Activity:
Repeat exactly, and nothing more, the lines from the one that includes "this 1632×1224 image." through the final line of the entries; skip the pictures.

Exercise inputs:
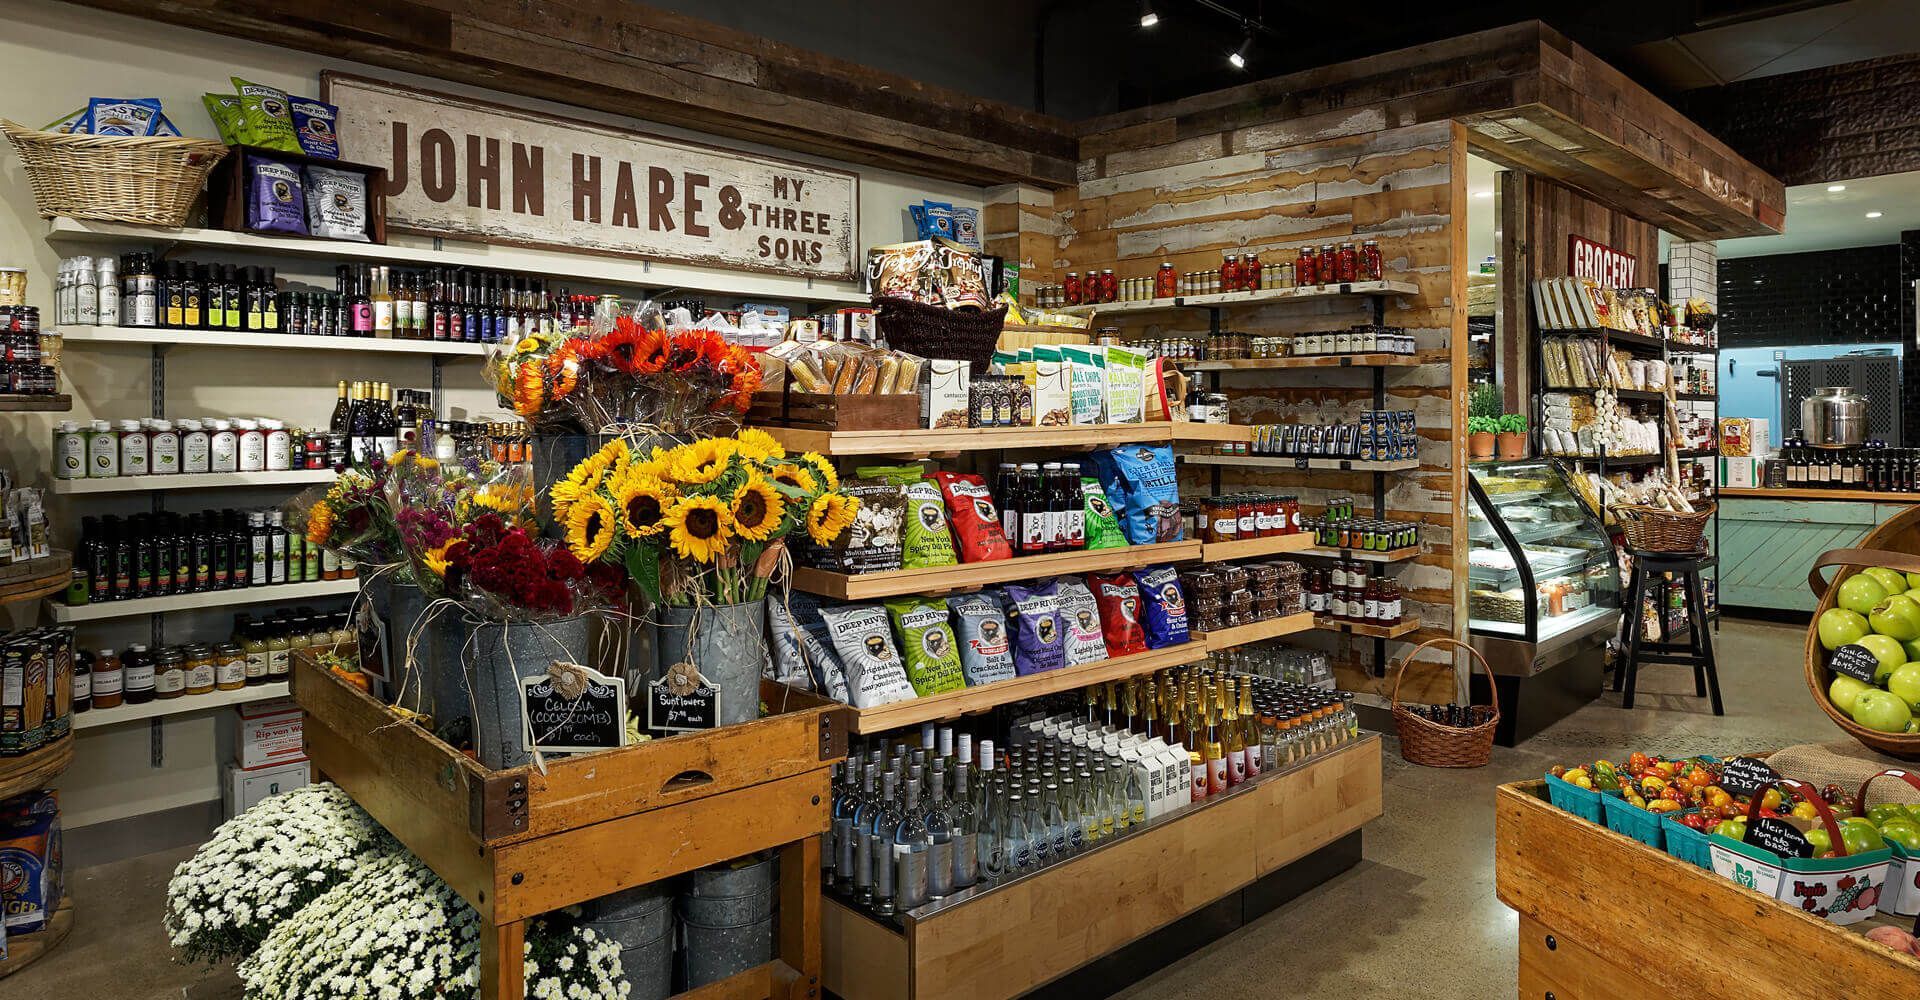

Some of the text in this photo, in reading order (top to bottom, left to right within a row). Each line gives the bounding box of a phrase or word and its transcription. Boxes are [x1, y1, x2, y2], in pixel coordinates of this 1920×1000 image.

[386, 121, 747, 237] JOHN HARE &
[774, 175, 805, 202] MY
[748, 203, 831, 236] THREE
[758, 235, 824, 265] SONS
[939, 247, 982, 282] Trophy
[1574, 239, 1636, 291] GROCERY
[910, 544, 930, 555] Spicy
[902, 609, 949, 625] DEEP RIVER
[958, 605, 979, 613] DEEP
[838, 614, 887, 634] DEEP RIVER
[1074, 645, 1092, 655] Lightly
[926, 660, 957, 674] New York
[986, 655, 999, 663] Salt
[1837, 652, 1867, 668] APPLES
[861, 663, 889, 676] Original
[970, 663, 998, 674] Cracked
[915, 674, 937, 686] Spicy
[937, 669, 950, 679] Dill
[545, 698, 595, 712] CELOSIA
[660, 694, 706, 708] Sunflowers
[687, 714, 703, 723] each
[256, 730, 271, 739] Rip
[273, 728, 289, 736] van
[573, 732, 601, 742] each
[1731, 759, 1770, 775] Heirloom
[1753, 827, 1789, 847] tomato
[1761, 819, 1805, 845] Heirloom
[1764, 839, 1800, 858] basket
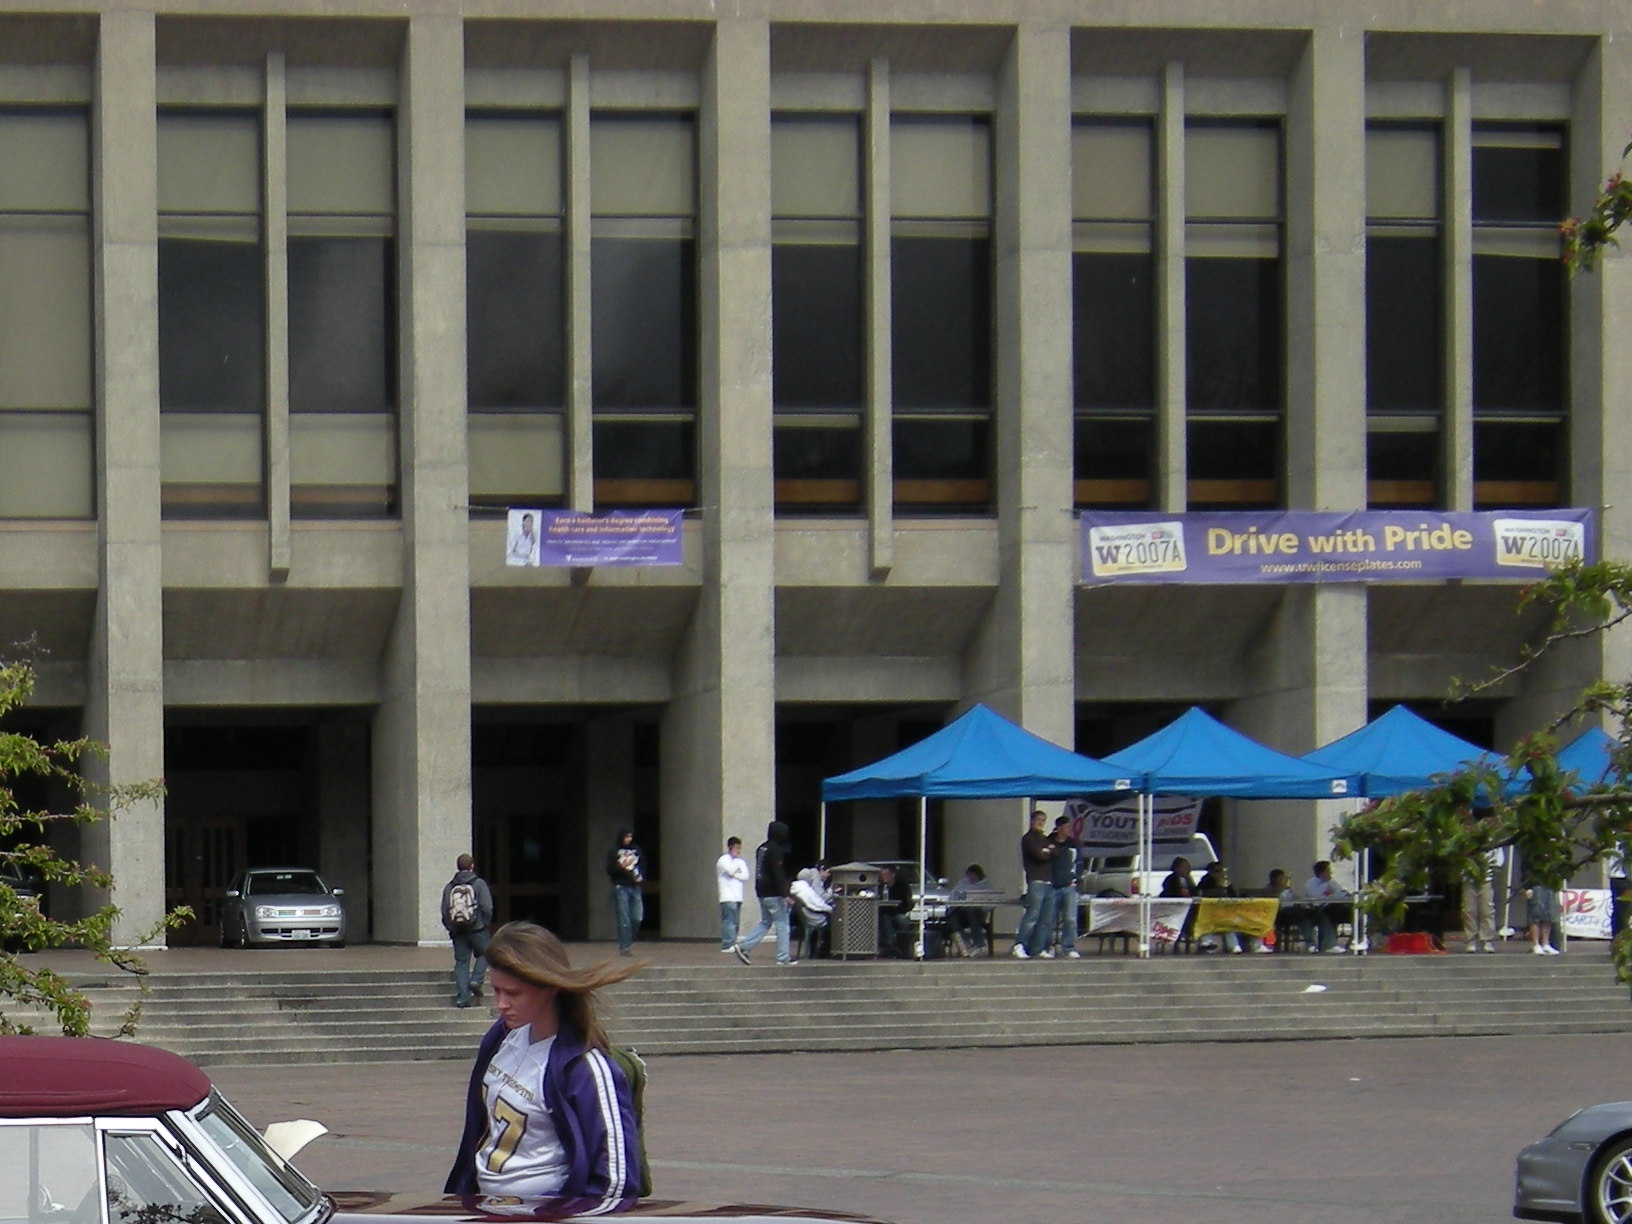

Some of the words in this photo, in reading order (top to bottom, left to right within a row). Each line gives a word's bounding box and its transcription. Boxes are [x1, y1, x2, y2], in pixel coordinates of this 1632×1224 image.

[1208, 526, 1299, 555] Drive
[1308, 529, 1376, 553] with
[1384, 523, 1473, 551] Pride
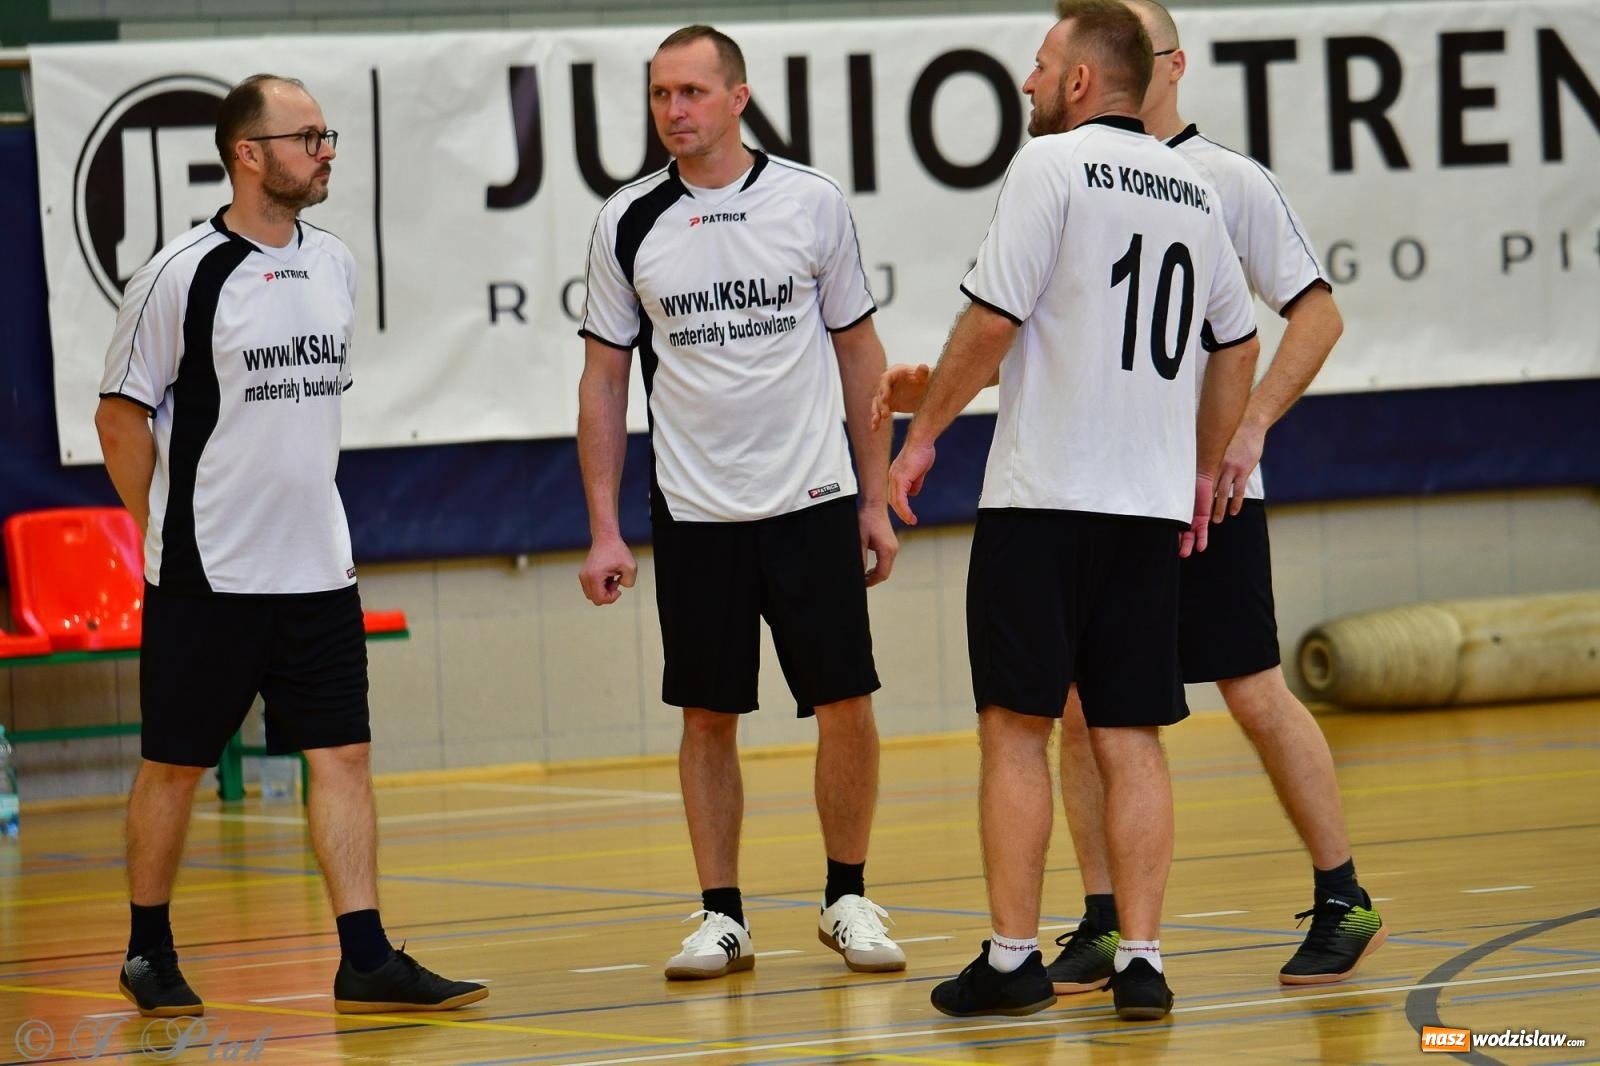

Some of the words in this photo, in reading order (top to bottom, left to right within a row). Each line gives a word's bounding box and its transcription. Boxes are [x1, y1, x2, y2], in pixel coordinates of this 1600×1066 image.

[1084, 163, 1114, 189] KS
[701, 212, 748, 224] PATRICK
[274, 269, 310, 280] PATRICK
[660, 275, 794, 318] www.IKSAL.pl
[1110, 233, 1195, 381] 10
[669, 321, 725, 347] materiały
[728, 314, 797, 340] budowlane
[243, 334, 347, 372] www.IKSAL.p
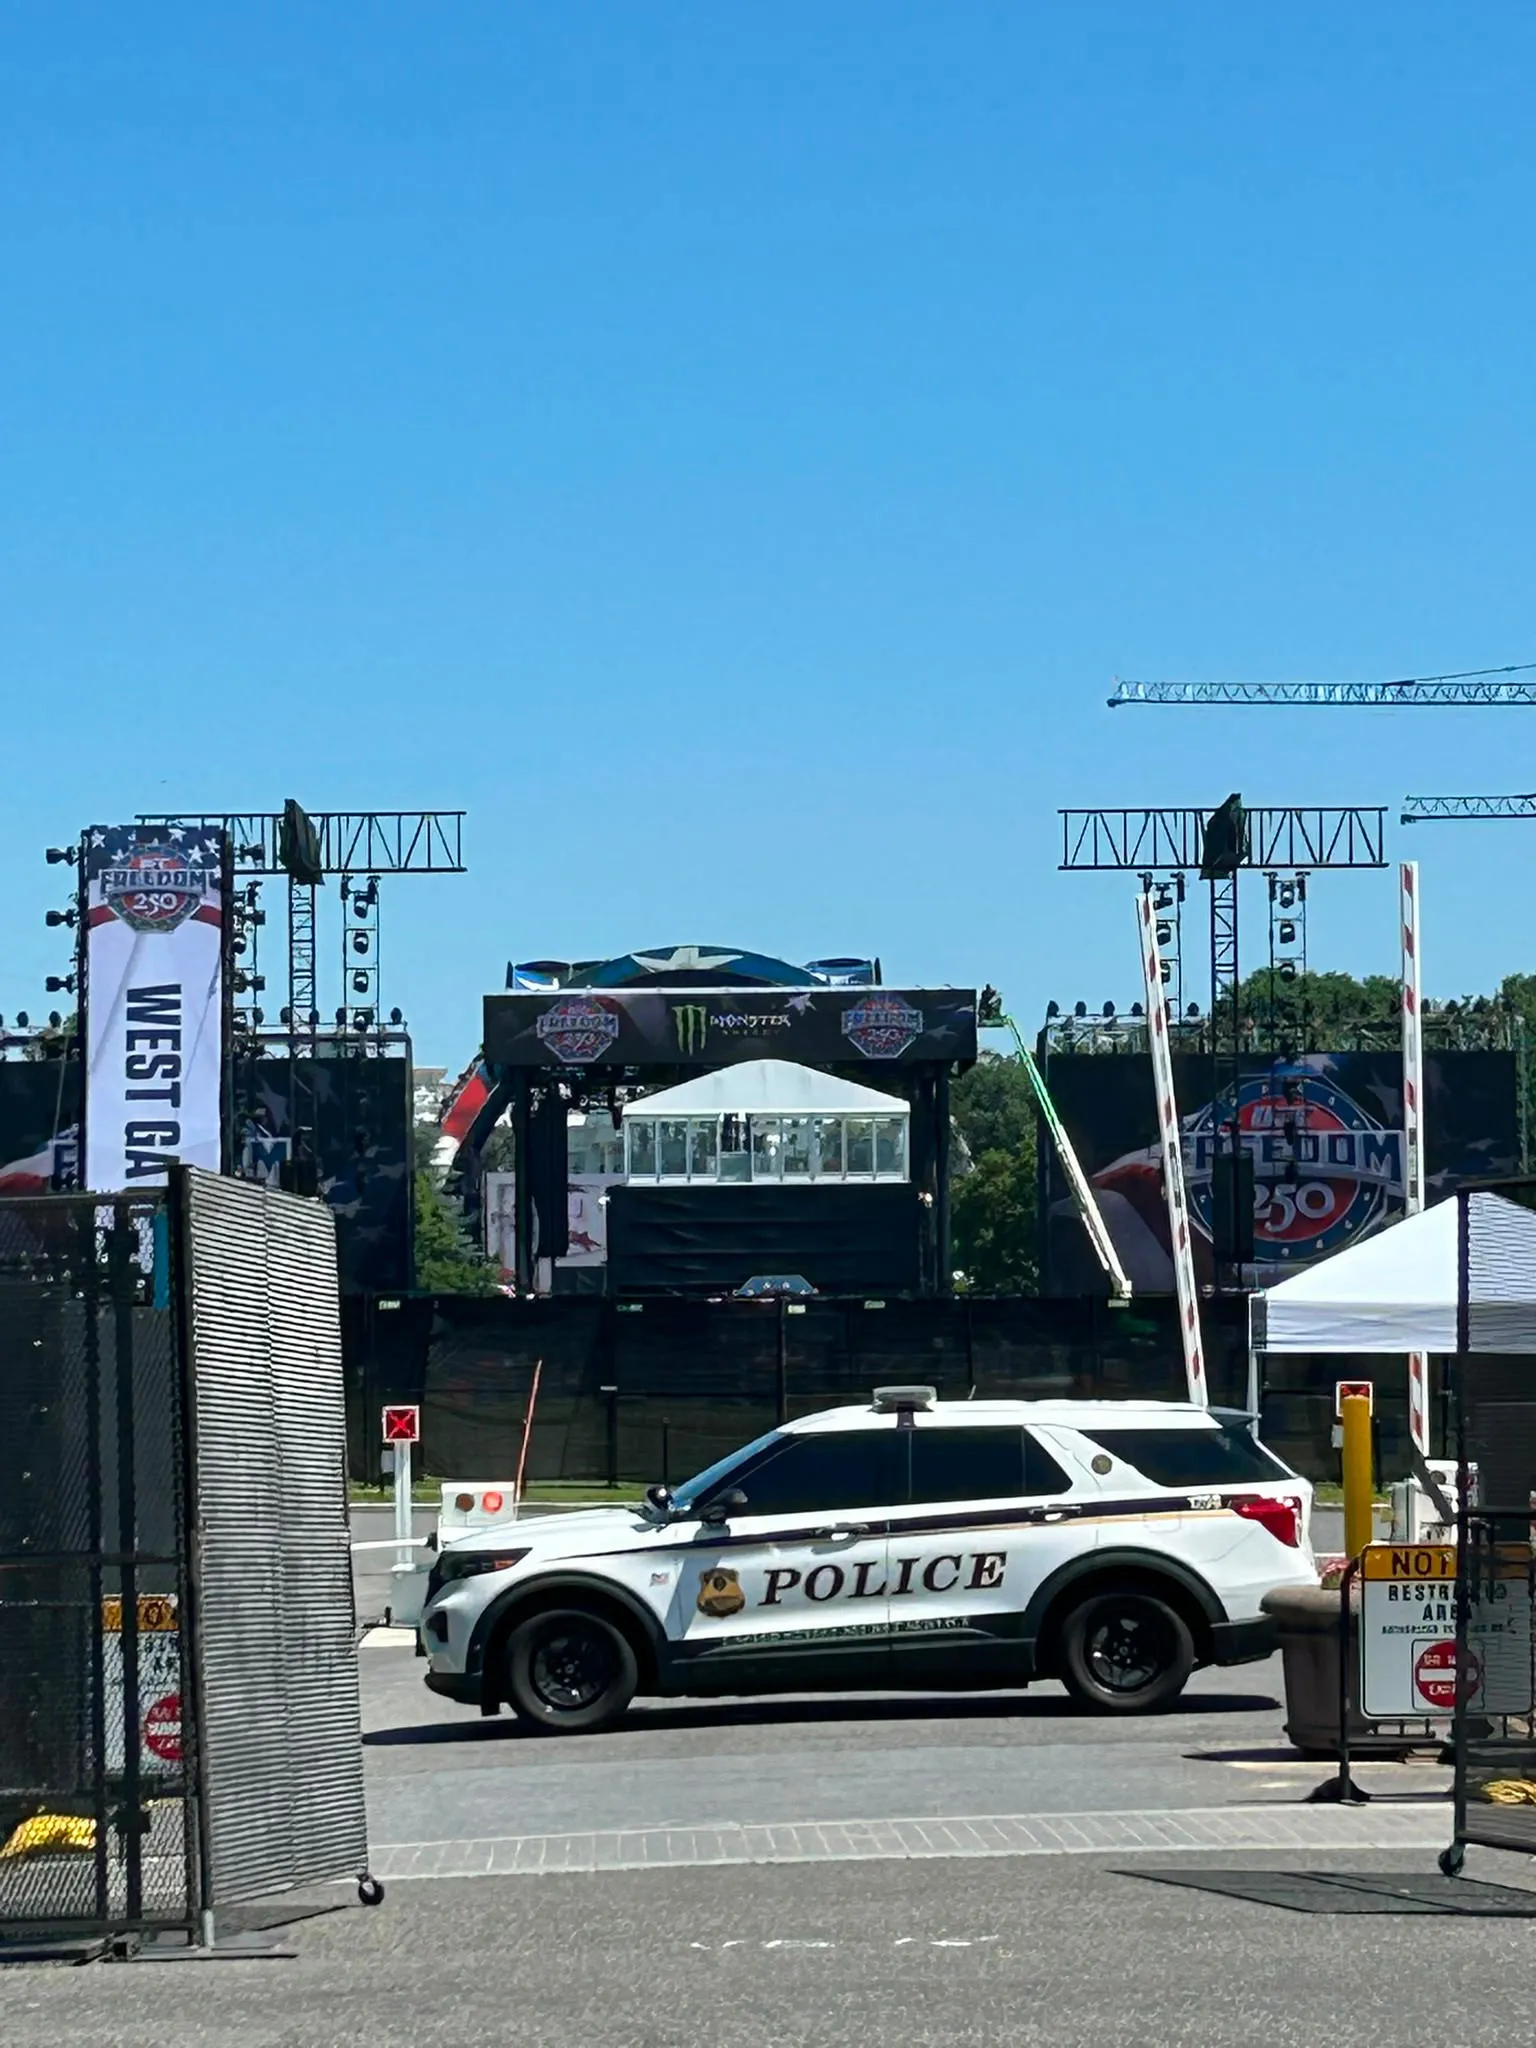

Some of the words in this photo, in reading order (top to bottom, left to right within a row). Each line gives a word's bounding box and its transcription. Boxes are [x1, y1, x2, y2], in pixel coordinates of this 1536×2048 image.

[133, 893, 177, 918] 250
[125, 984, 182, 1109] WEST
[1253, 1182, 1335, 1232] 250
[757, 1551, 1007, 1607] POLICE

Response below:
Some of the words in this photo, in reading order (top to bottom, left to right within a row). Each line gives a word's bounding box and its transcription. Boxes are [x1, y1, x2, y2], in pixel coordinates of this 1632×1224 image.

[1208, 526, 1299, 555] Drive
[1308, 529, 1376, 553] with
[1384, 523, 1473, 551] Pride

Some of the words in this photo, in reading order (top to bottom, left to right within a row). Each line gives a word's bounding box and its transcription. Boxes are [x1, y1, x2, y2], in pixel coordinates of this 1600×1066 image.

[1084, 163, 1114, 189] KS
[701, 212, 748, 224] PATRICK
[274, 269, 310, 280] PATRICK
[660, 275, 794, 318] www.IKSAL.pl
[1110, 233, 1195, 381] 10
[669, 321, 725, 347] materiały
[728, 314, 797, 340] budowlane
[243, 334, 347, 372] www.IKSAL.p

Some of the words in this photo, in reading order (top to bottom, left to right within a row). Each line gives a word's bounding box and its transcription. Boxes are [x1, y1, x2, y2], in pixel coordinates of this 1536×2048 image.

[133, 893, 177, 918] 250
[125, 984, 182, 1109] WEST
[1253, 1182, 1335, 1232] 250
[757, 1551, 1007, 1607] POLICE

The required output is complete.